(Free-text object descriptions)
Content starts

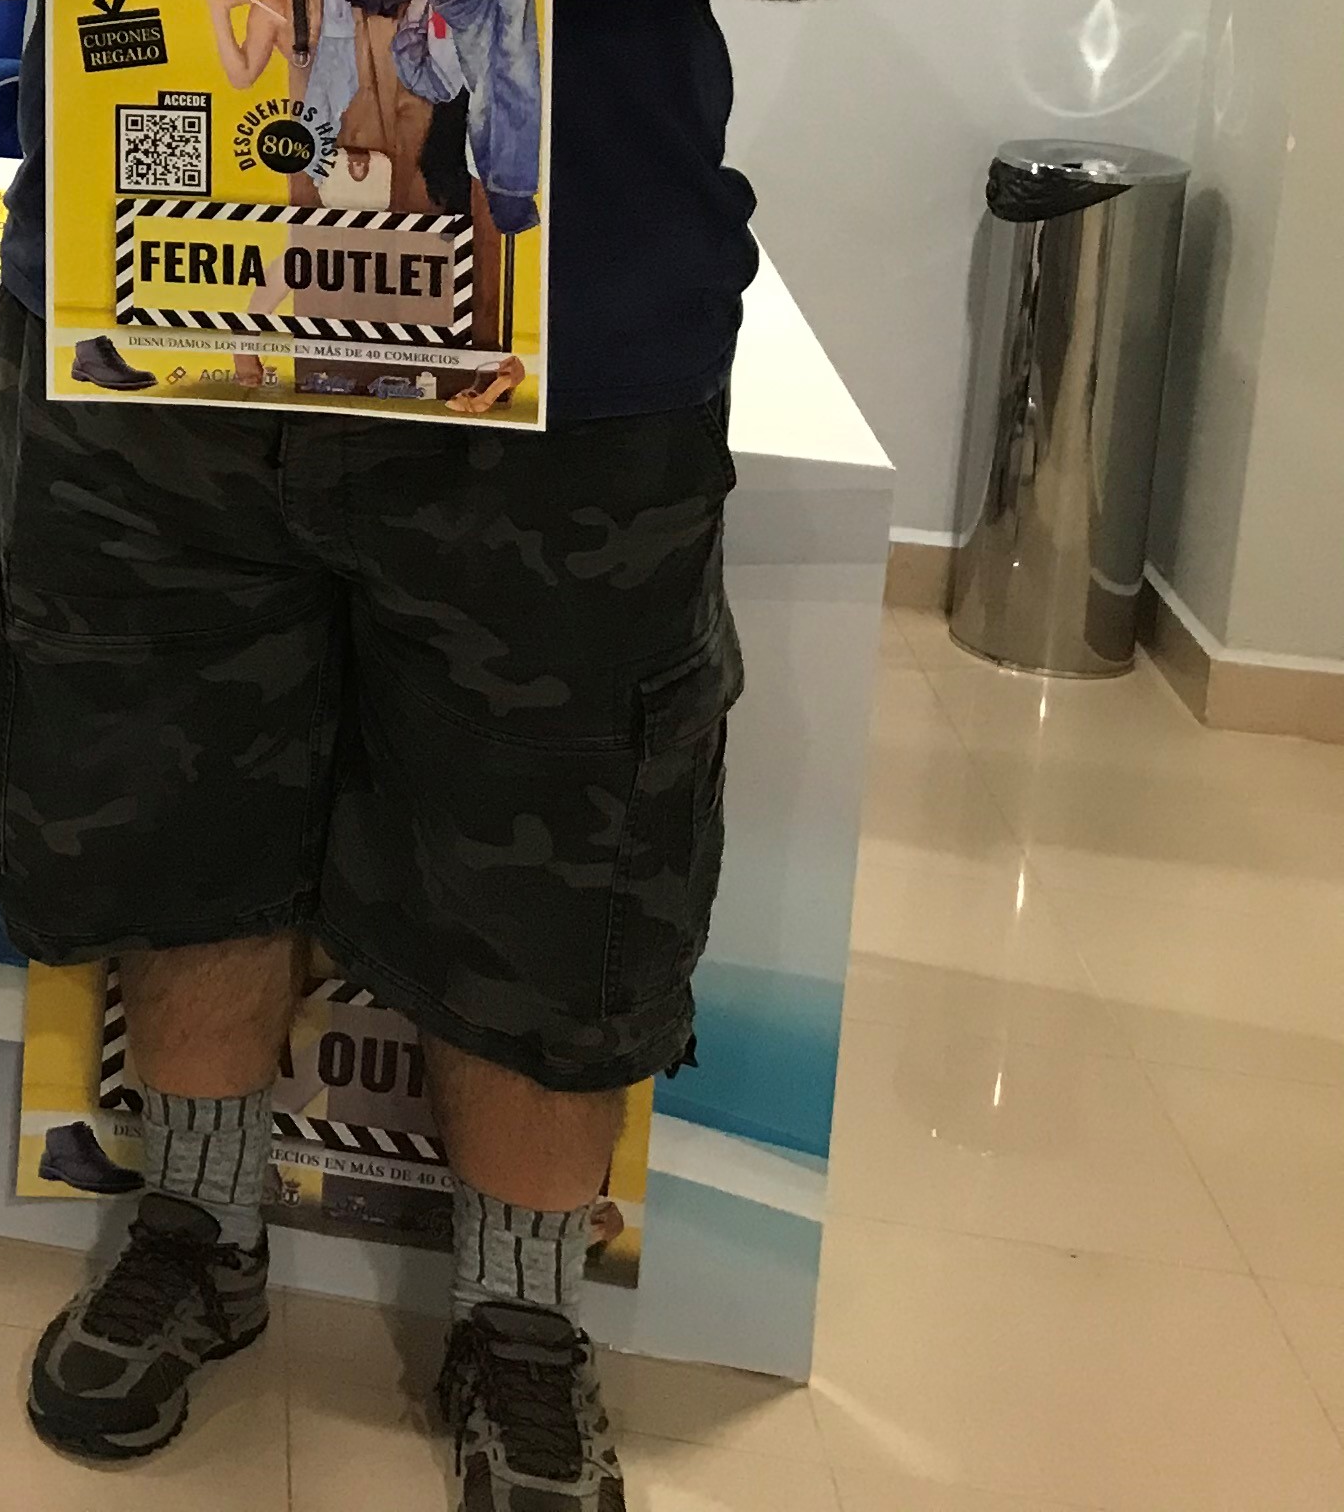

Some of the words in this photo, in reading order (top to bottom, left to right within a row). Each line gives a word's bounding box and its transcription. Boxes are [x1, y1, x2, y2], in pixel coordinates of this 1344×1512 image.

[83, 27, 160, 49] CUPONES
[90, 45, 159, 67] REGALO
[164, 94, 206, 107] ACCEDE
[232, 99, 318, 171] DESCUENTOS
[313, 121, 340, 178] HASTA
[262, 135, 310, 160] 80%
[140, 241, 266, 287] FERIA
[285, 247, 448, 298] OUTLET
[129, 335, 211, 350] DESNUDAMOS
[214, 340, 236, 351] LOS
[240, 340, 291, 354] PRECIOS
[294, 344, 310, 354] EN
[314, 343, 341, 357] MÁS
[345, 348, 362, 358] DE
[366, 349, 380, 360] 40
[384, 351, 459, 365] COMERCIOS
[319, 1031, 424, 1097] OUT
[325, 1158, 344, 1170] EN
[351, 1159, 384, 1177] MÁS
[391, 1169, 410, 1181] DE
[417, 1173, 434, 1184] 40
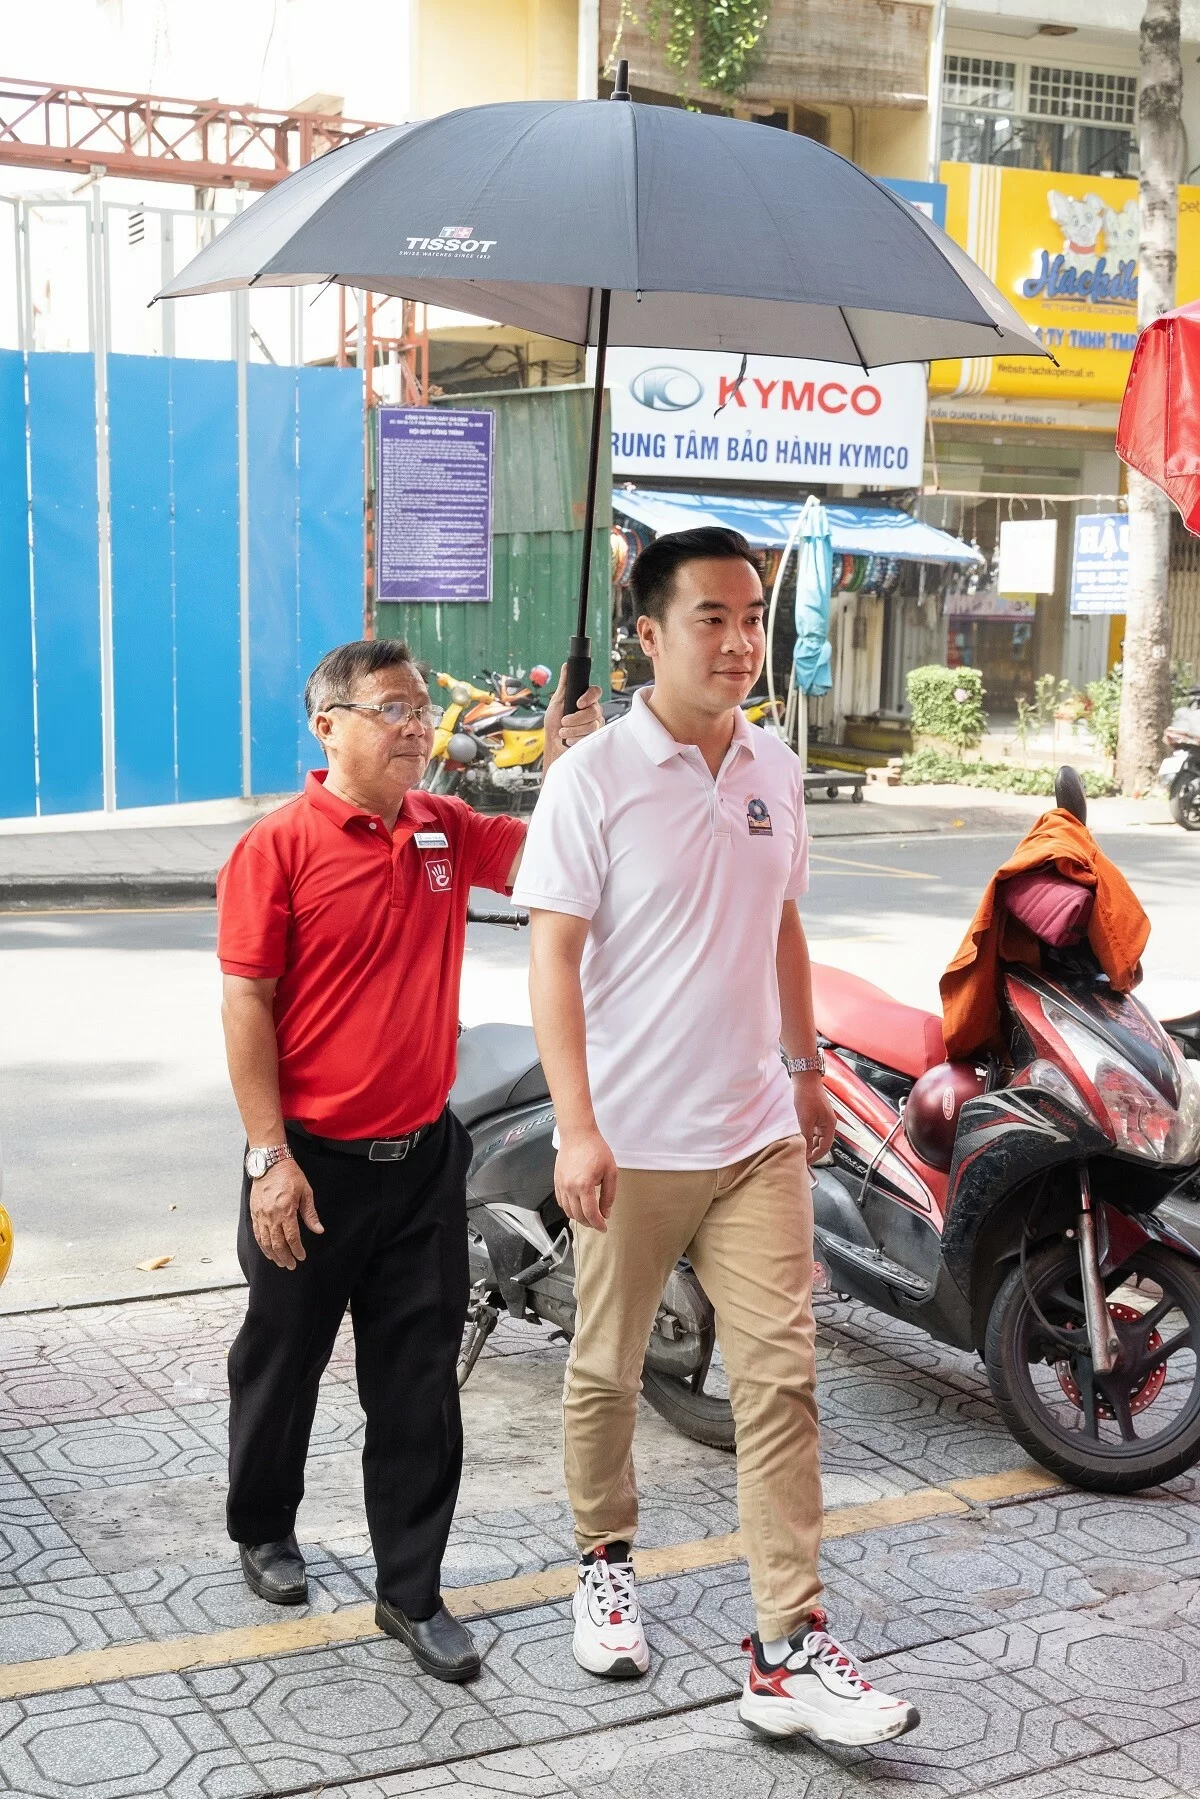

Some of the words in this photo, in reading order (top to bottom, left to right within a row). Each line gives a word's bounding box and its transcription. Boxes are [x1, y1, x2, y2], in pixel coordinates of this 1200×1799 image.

Content ends

PROBLEM REQUIREMENTS →
The records are to be returned verbatim. Skip any picture they contain.

SOLUTION →
Some of the words in this photo, in reading order (top to bottom, left to right within a row). Each line gives a word's bounding box and its transcription. Boxes are [x1, y1, x2, y2], in pixel coordinates of this 1344×1512 image.

[83, 27, 160, 49] CUPONES
[90, 45, 159, 67] REGALO
[164, 94, 206, 107] ACCEDE
[232, 99, 318, 171] DESCUENTOS
[313, 121, 340, 178] HASTA
[262, 135, 310, 160] 80%
[140, 241, 266, 287] FERIA
[285, 247, 448, 298] OUTLET
[129, 335, 211, 350] DESNUDAMOS
[214, 340, 236, 351] LOS
[240, 340, 291, 354] PRECIOS
[294, 344, 310, 354] EN
[314, 343, 341, 357] MÁS
[345, 348, 362, 358] DE
[366, 349, 380, 360] 40
[384, 351, 459, 365] COMERCIOS
[319, 1031, 424, 1097] OUT
[325, 1158, 344, 1170] EN
[351, 1159, 384, 1177] MÁS
[391, 1169, 410, 1181] DE
[417, 1173, 434, 1184] 40

Some of the words in this photo, in reading order (top to bottom, left to right within a row). Each line gives a word's bounding box and its transcription. Boxes are [x1, y1, x2, y2], in pixel coordinates of this 1200×1799 image.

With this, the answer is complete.